Oral health in Nepal challenges
Kathmadu University, Nepal
: Dent Health Curr Res
Oral disease shares common risk factors with the four leading chronic diseases: cardiovascular diseases; cancer; chronic respiratory diseases; and diabetes. Also, it shares risk factors with unhealthy diets, tobacco use, and alcohol use. Poor oral hygiene is also a risk factor for disease. Dental caries is the most prevalent oral disease in several Asian and Latin American countries. Globally most children show signs of gingivitis and among adults, gingivitis, the initial stage of periodontal disease, is prevalent. It is said that children with poor oral health are 12 times more likely to have restricted daily activity then those who do not. Due to poor oral health, especially in children, gingivitis may lead to necrotizing ulcerative gingivitis (NUG) and cancorum oris (noma). These conditions are very painful. More than 50 million school hours are lost annually due to oral health problems, which affect children’s’ school performance and success in later life. The main purpose of dental hygiene regimens is to prevent plaque biofilm formation. Bacterial plaque amassed on teeth as a result of poor dental hygiene is the causative factor of a majority of major oral and dental problems. Poor dental hygiene allows the accumulation of acid producing bacteria on the surface of the teeth.

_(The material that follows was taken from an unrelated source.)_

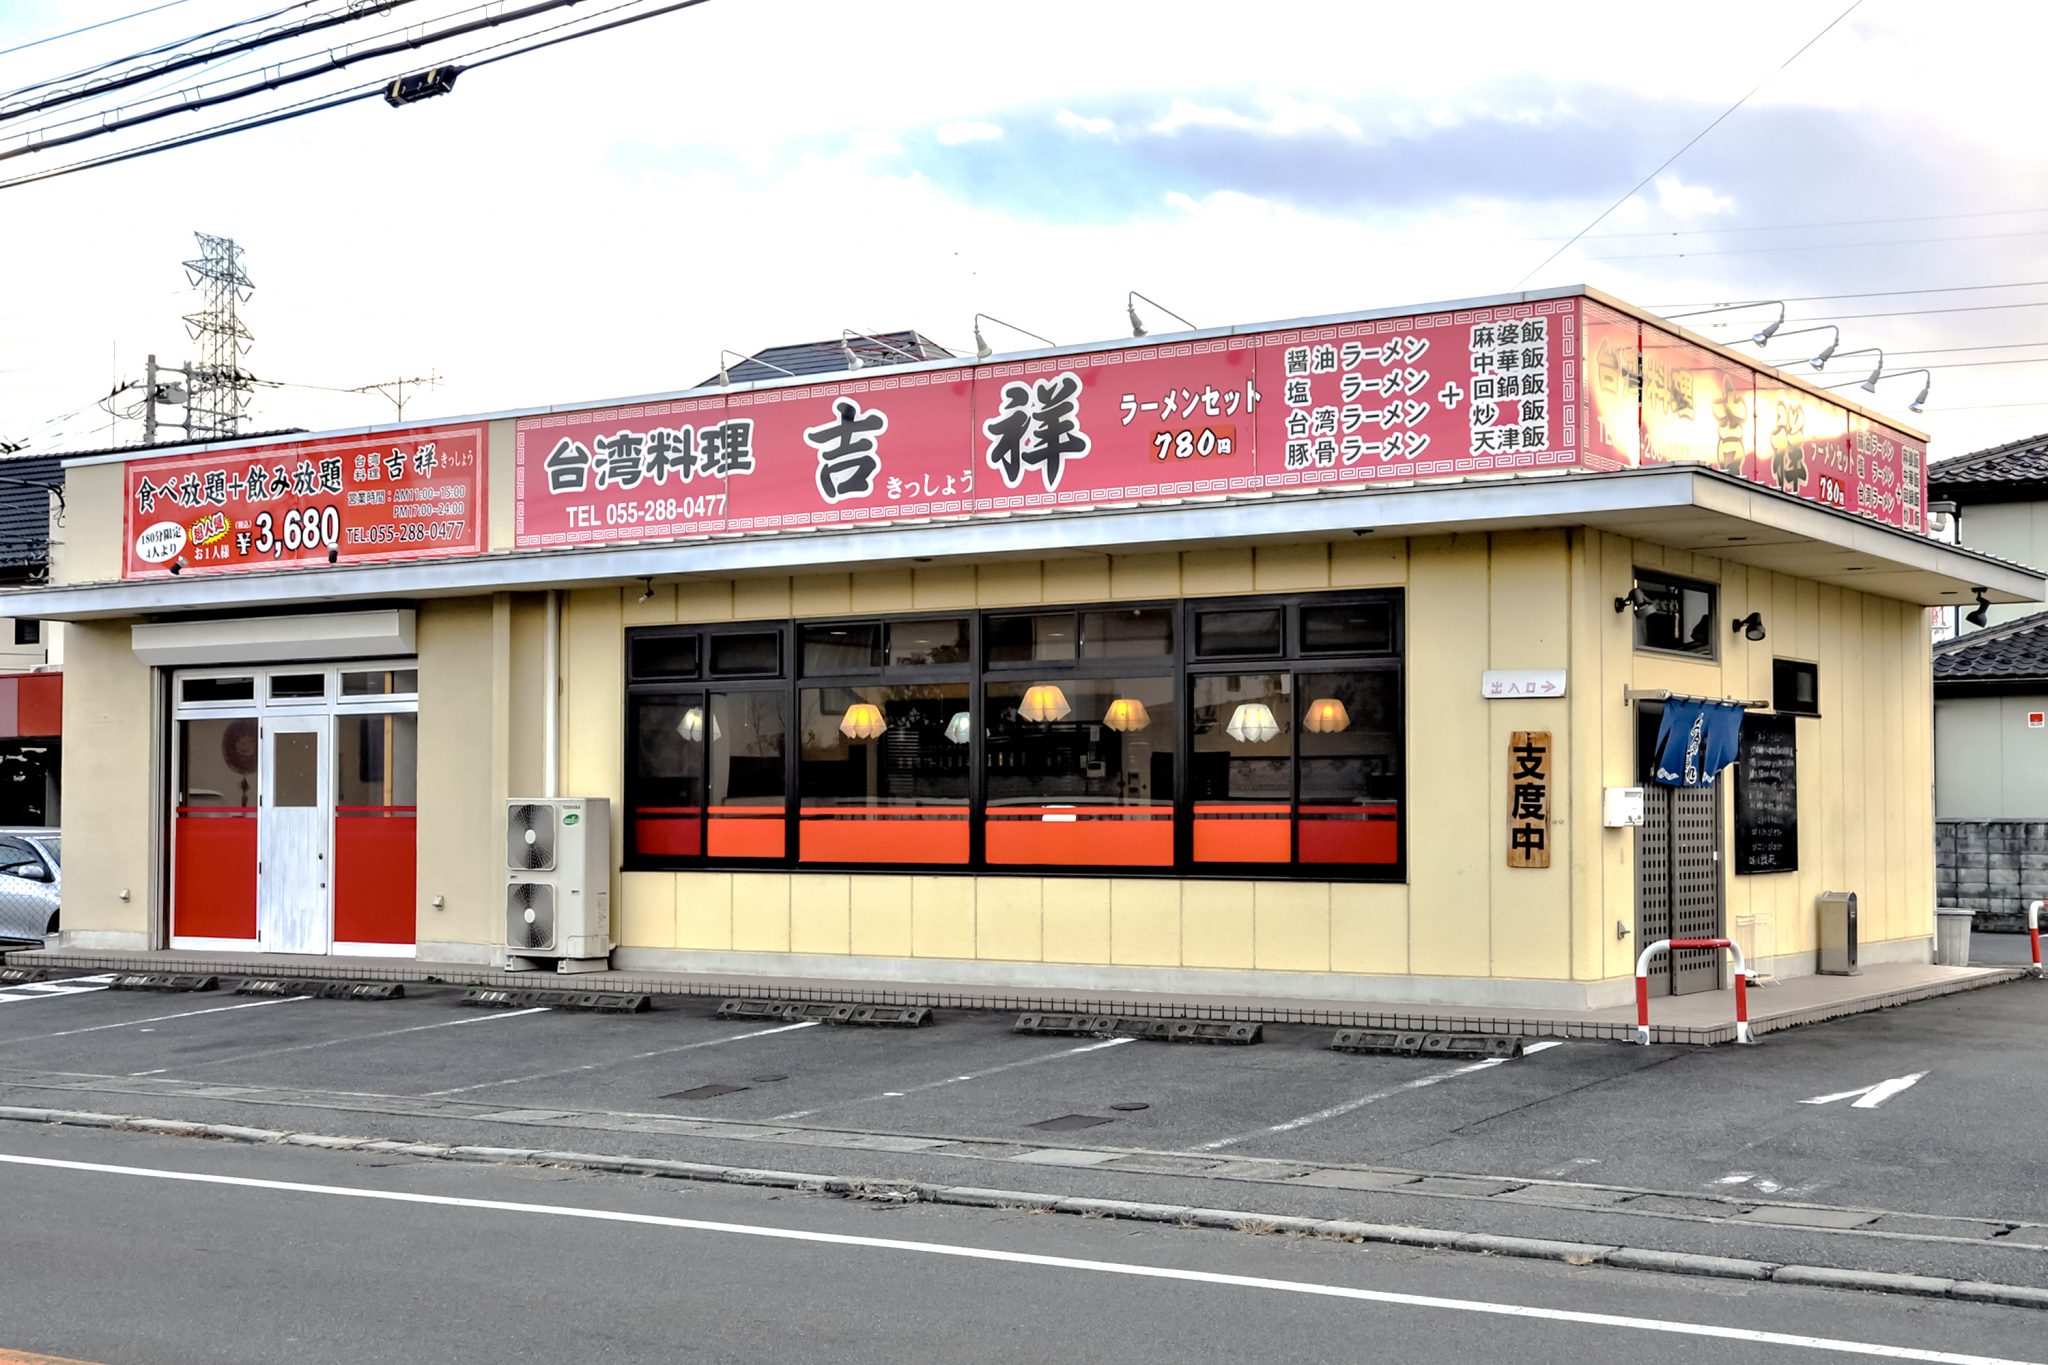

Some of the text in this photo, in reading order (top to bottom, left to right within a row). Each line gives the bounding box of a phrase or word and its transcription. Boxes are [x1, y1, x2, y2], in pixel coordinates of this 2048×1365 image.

The acid demineralizes the tooth enamel causing tooth decay (cavities). Dental plaque can also invade and infect the gingival tissue causing periodontal diseases. In both dental decay and periodontal diseases, the final effect of poor dental hygiene can be the loss of one or more teeth. One shouldn’t wait until a tooth is lost to understand the importance of oral hygiene and preventive care. Oral health is a worldwide unrealized problem and is most common in developing countries. Poor oral health and untreated oral diseases and conditions can have a significant impact on quality of life. In developing countries like Nepal, oral diseases are the most common problems due to lack of education and poverty. The most common dental problem of the Nepalese is dental decay and periodontal diseases. By maintaining good oral hygiene practices, various dental problems can be kept under control and uplift the health status of the Nepalese people. For this, oral health education and awareness plays an important role, especially for the school children of private as well as government programs. Thus, such education is essential for behavior change, improving health and quality of life.